Yang Zhen Ning
Prof Yang Zhen Ning 杨振宁 (1922-2025) was a Chinese theoretical physicist who received his PhD from the University of Chicago in 1948. He won the Nobel Prize in Physics in 1957. Prof Yang remained in the US and returned to China only in 1971 when he was personally received by Premier Zhou Enlai and honoured with a meeting with Mao Zedong himself.
There, he helped with the rebuilding of the Chinese academia destroyed by the Cultural Revolution. In 1999, at the age of 77, Prof Yang retired from Brook University in the US and returned to Beijing as an honorary director of Tsinghua University. Not being physicists, most of us only heard about Prof Yang when he remarried student Weng Fan 翁帆 (1976-?) in 2005.
When Singaporean veteran entertainer Marcus Chin’s affair with a much younger woman came to light and the public vilified him, he made the hilariously inappropriate comparison with Prof Yang Zhen Ning. Mr Chin was still married at that material time and Prof Yang was a widower back then.
When news broke that Prof Yang Zhen Ning had passed away on 18 October 2025 at the age of 103, Chinese social media was abuzz with “small talk”. Disregarding his contributions to the world of physics, netizens seemed to be more interested in how he managed to satisfy a woman 54 years his junior. Yang was first married to Madam Du Zhi Li (1927-2003) in 1950. They had two sons and a daughter. Mrs Yang passed away in 2003.
Even less well known than his role as a scientist, was the late Prof Yang Zhen Ning’s role as an influential “politician”. Prof Yang might have been a physicist and educated in America, but for some time after his return to China in 1971, he gave many lecture series at the University of Hong Kong and at Stony Brook, promoting socialist values. Nixon’s highly publicised visit to China led many ignorant Westerners to “discover” an impressive ancient civilisation that rivalled their obsession with Indian culture of the hippy movement.
After spending a month as a VIP in China, he lectured in the University of Hong Kong where he extolled the virtues of a classless society where there were no beggars on the streets. He even told the audience that America had much to learn from China. Yang believed China’s great social experiment was just beginning to show results and urged those seeing America as a role model to “set aside prejudice and view China’s progress objectively.”
Yang said all this with access to uncensored news, knowing very well that many lives were lost during the Great Famine and the Cultural Revolution. All this came with the reward of being crowned as a national treasure. Some Hongkongers felt so proud of him that they started identifying as Chinese nationals.
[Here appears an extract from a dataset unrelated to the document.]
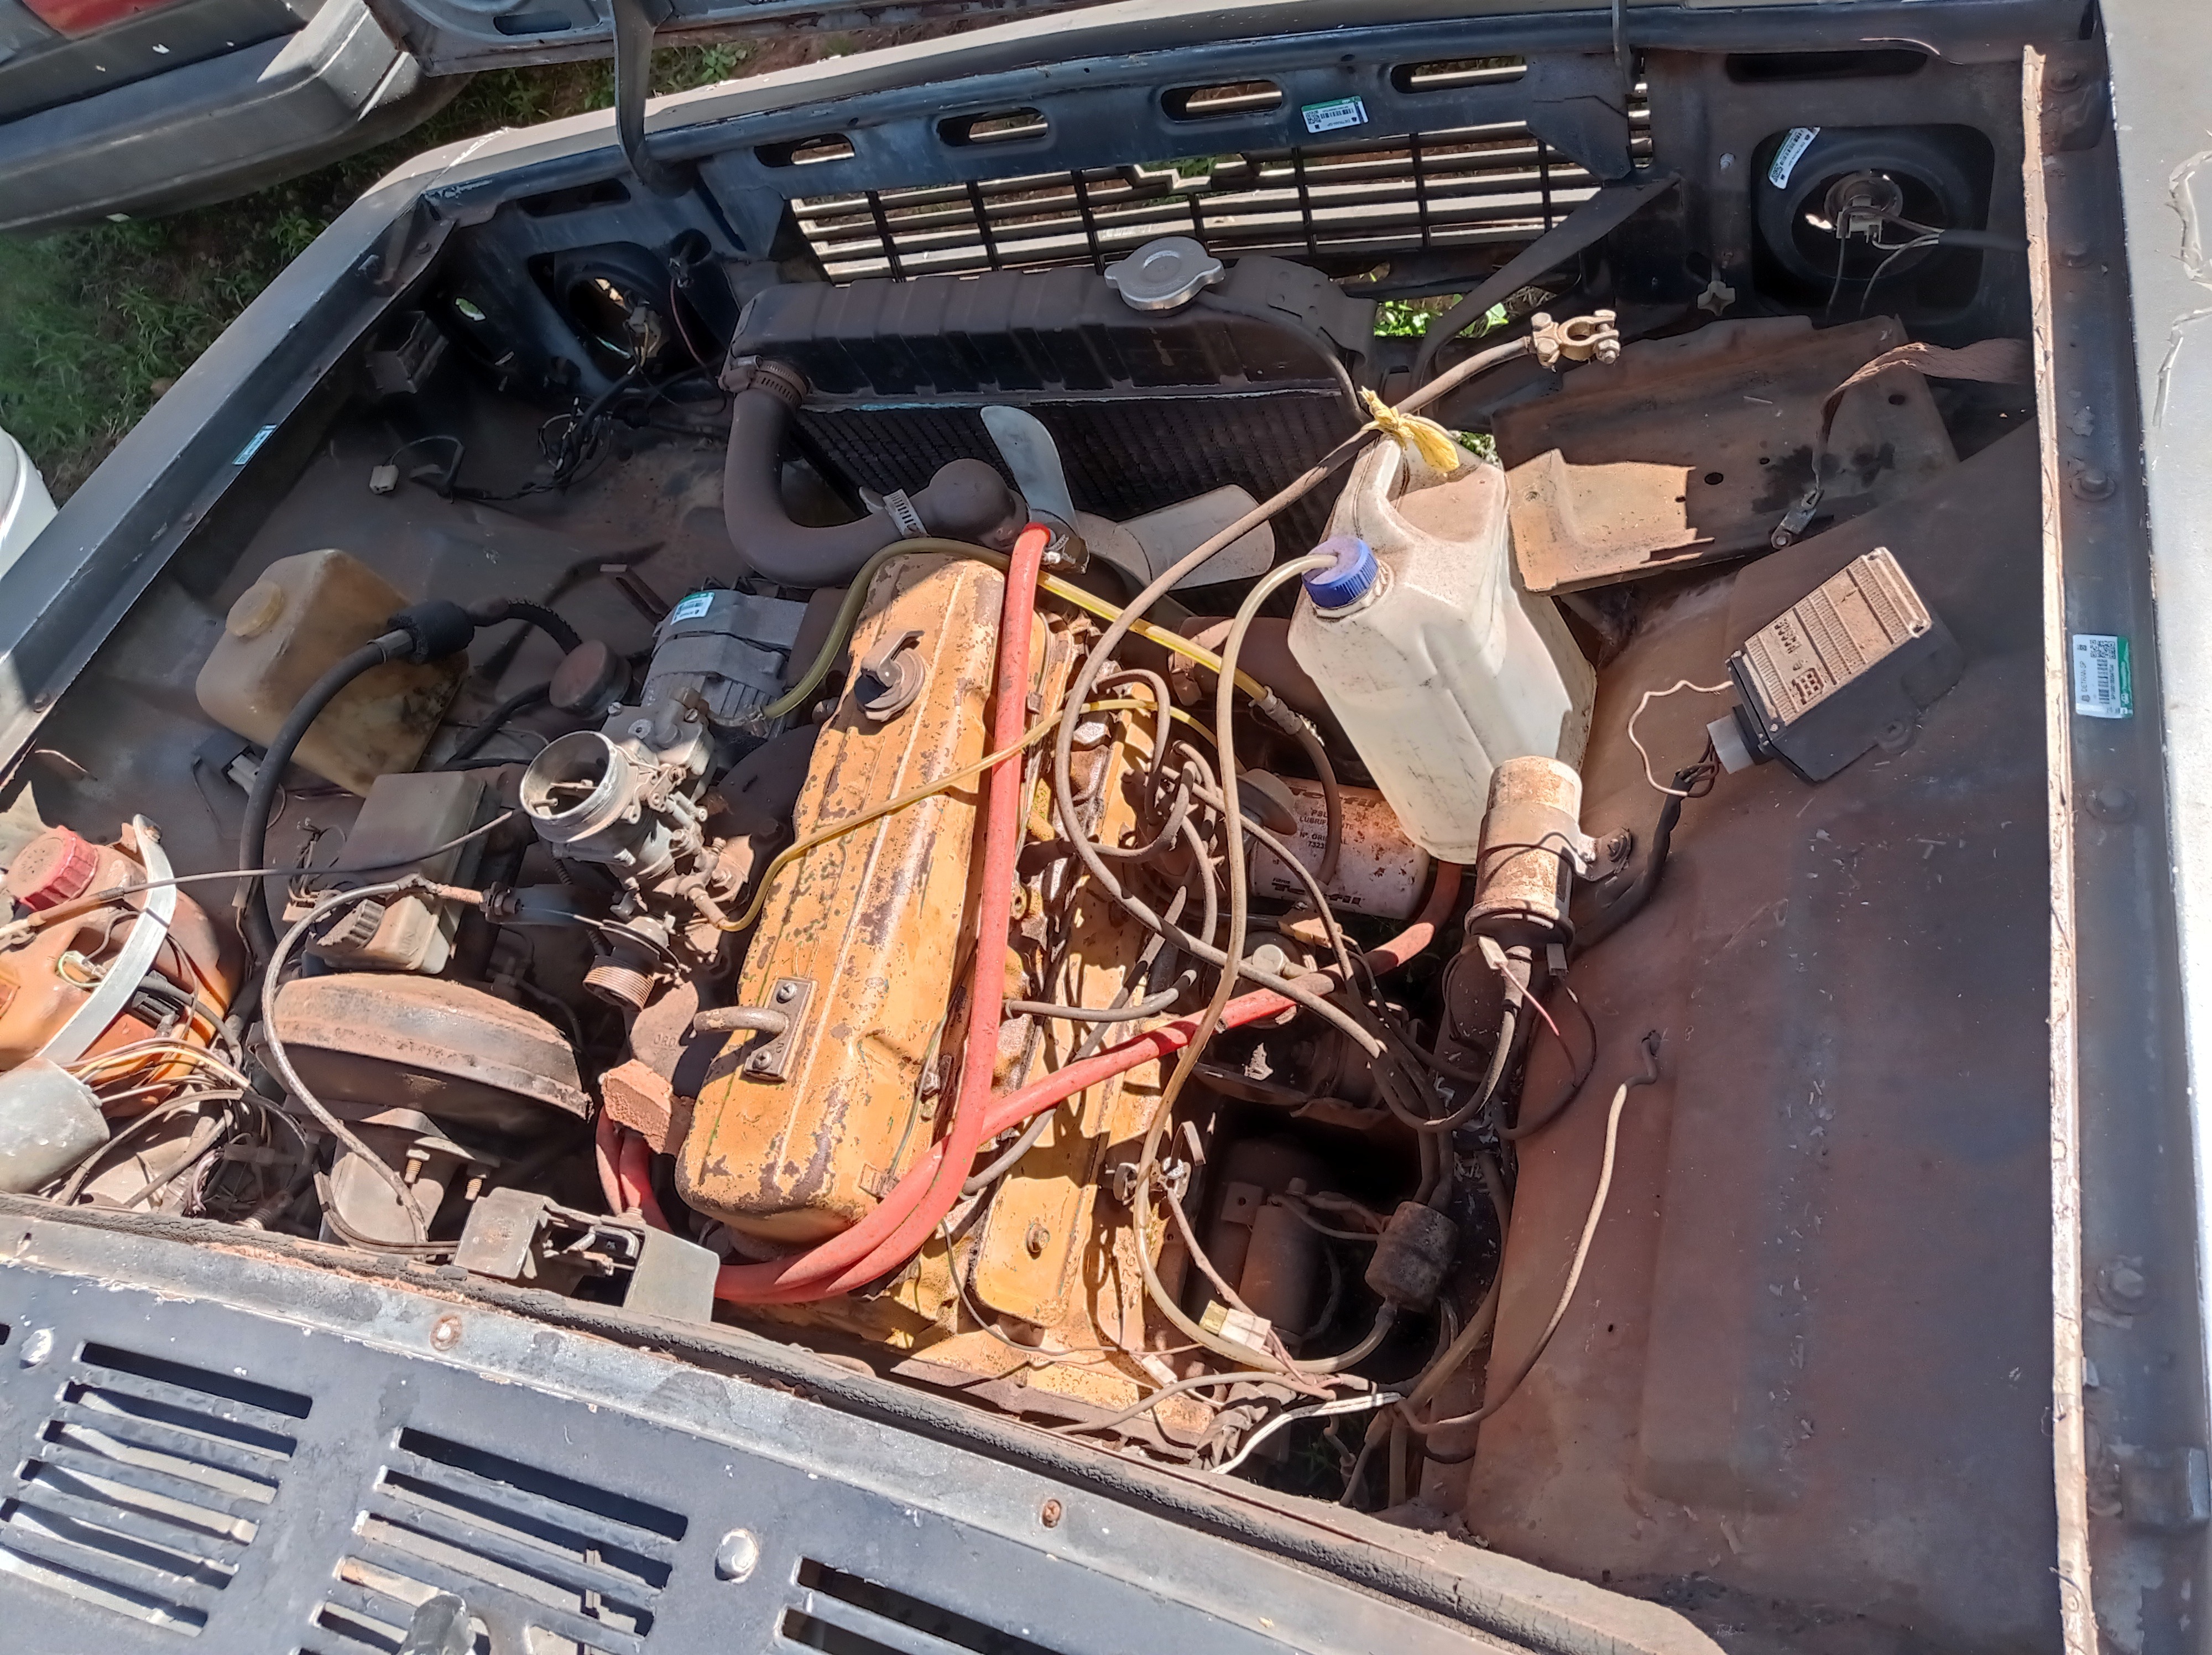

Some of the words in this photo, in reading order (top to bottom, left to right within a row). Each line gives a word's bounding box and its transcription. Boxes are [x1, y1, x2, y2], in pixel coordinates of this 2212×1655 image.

It was way before the age of influencers. Back then, nerdy speakers like Yang Zhen Ning had great credibility and his speeches had a profound impact on the minds of young Chinese people. Even romance novelist Yi Shu fabricated a character in his image. Overnight, Chinese students in universities all over the free world began to embrace Marxism and the rule of the CCP. His speeches gave many Chinese people a new confidence in a system of government that had caused untold suffering to tens of millions of Chinese people.
Soon after, Nobel laureate physicist Tsung-Dao Lee (1926-2024) and biologist Niu Manjiang (1912-2007) also packed their bags and hurried off to Beijing, hoping to be accorded with the same status as Yang Zhen Ning. Even Zhao Haosheng(1920—2012), a Chinese literature professor at Yale, jumped onboard the same bandwagon. They were the first batch of “turtles” 海归 (龟) and national treasure wannabes.
Less than a decade later, Deng Xiao Ping would come to power, dismantling Mao’s social experiment and copying Western capitalism with great success. For a while, Chinese people realised that China could only progress if communism took a backseat, but that did not tarnish Prof Yang’s image. Did he really believe what he said back in the 1970s? Was he pandering to the leaders of the day, seeing that he could attain godlike status in China but not in America where there were too many like him? After all, he was approaching his 50s and thinking of retirement.
Yang Zhen Ning would spend the rest of his days in comfort that we mere mortals will never know. Idolised in the 1970s, mocked after his second marriage, but why should he be bothered? Even as communism has started to regain its foothold and Chinese society is no longer as free and tolerant as it was during Deng Xiao Ping’s time, Yang Zhen Ning didn’t need to say or do anything.
There is no doubt that Prof Yang was a very intelligent and talented man. A Nobel Prize notwithstanding, he was no trailblazing rebel. He played along with the system and reaped huge personal benefits. As for whether his conscience is clear, we will never know. Even if we regard the ancient definition of 才子 to be absurd, I would hesitate to call him one as conformity with personal benefits should not be an attribute of a 才子。